Keep each entry exactly as written when you repeat it, and skip the images.

[[ DATA TO PROCESS, beginning ]]

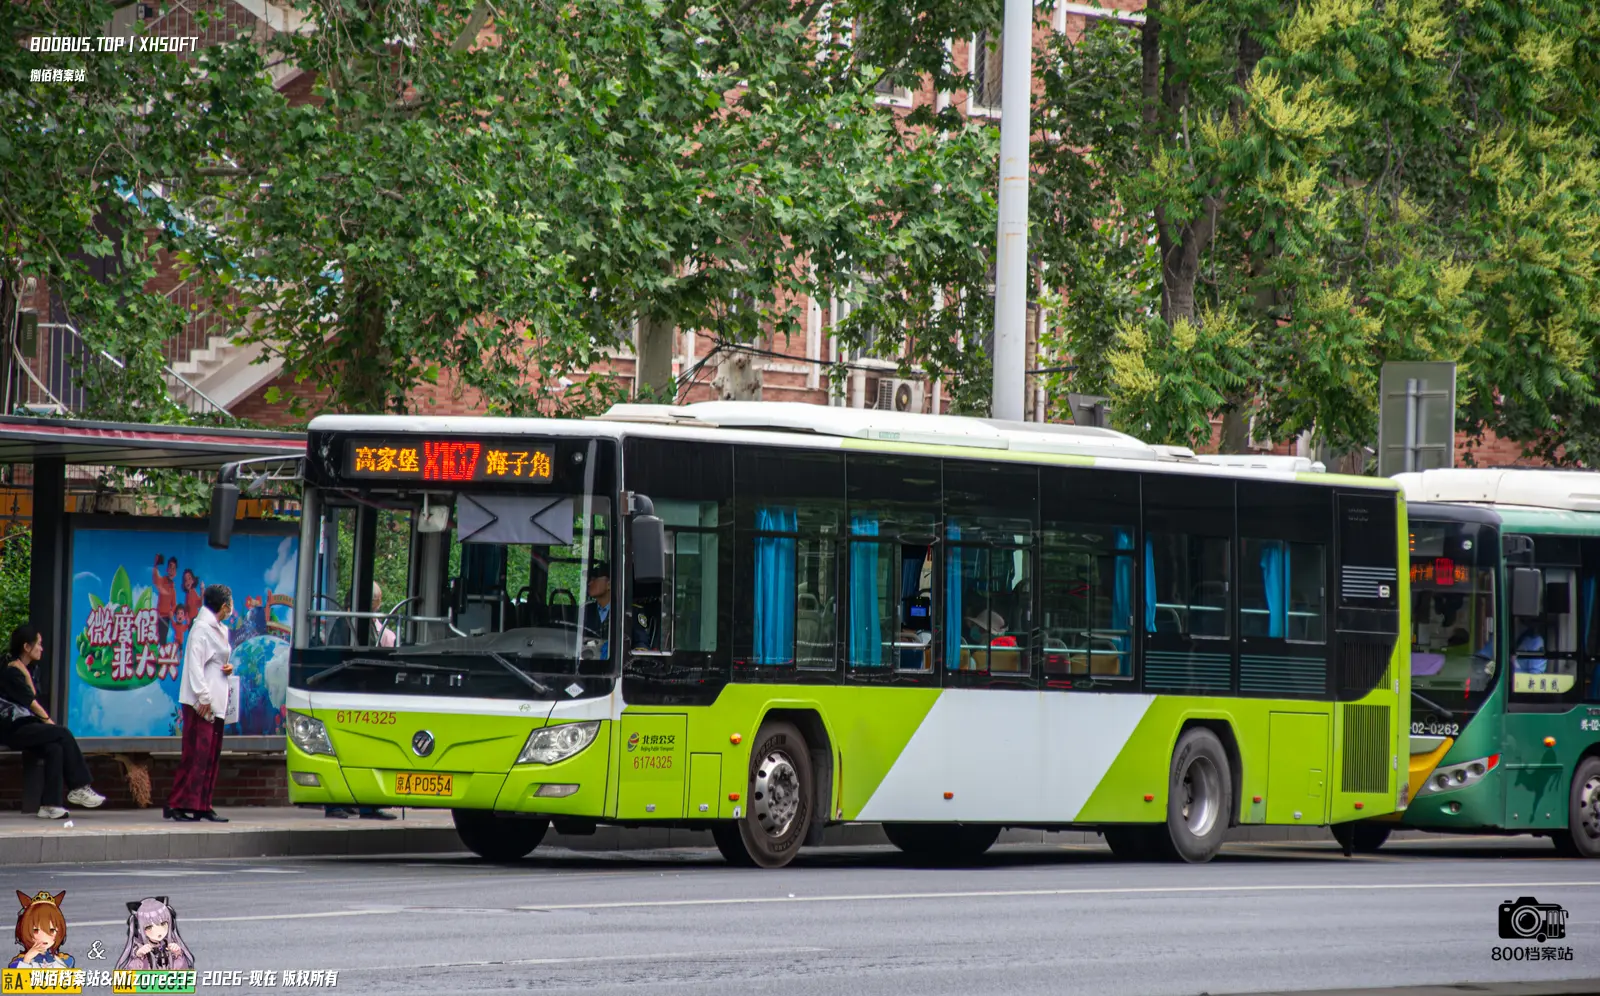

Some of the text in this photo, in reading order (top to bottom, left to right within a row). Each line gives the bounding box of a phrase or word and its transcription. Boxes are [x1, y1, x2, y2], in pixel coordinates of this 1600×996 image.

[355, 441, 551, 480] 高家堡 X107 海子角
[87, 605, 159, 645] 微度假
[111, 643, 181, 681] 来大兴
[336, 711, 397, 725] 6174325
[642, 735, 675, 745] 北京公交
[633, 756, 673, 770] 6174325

[[ DATA TO PROCESS, end ]]

WRITTEN RESPONSE.
Some of the text in this photo, in reading order (top to bottom, left to right within a row). Each line gives the bounding box of a phrase or word and its transcription. Boxes are [x1, y1, x2, y2], in pixel coordinates of this 1600×996 image.

[355, 441, 551, 480] 高家堡 X107 海子角
[87, 605, 159, 645] 微度假
[111, 643, 181, 681] 来大兴
[336, 711, 397, 725] 6174325
[642, 735, 675, 745] 北京公交
[633, 756, 673, 770] 6174325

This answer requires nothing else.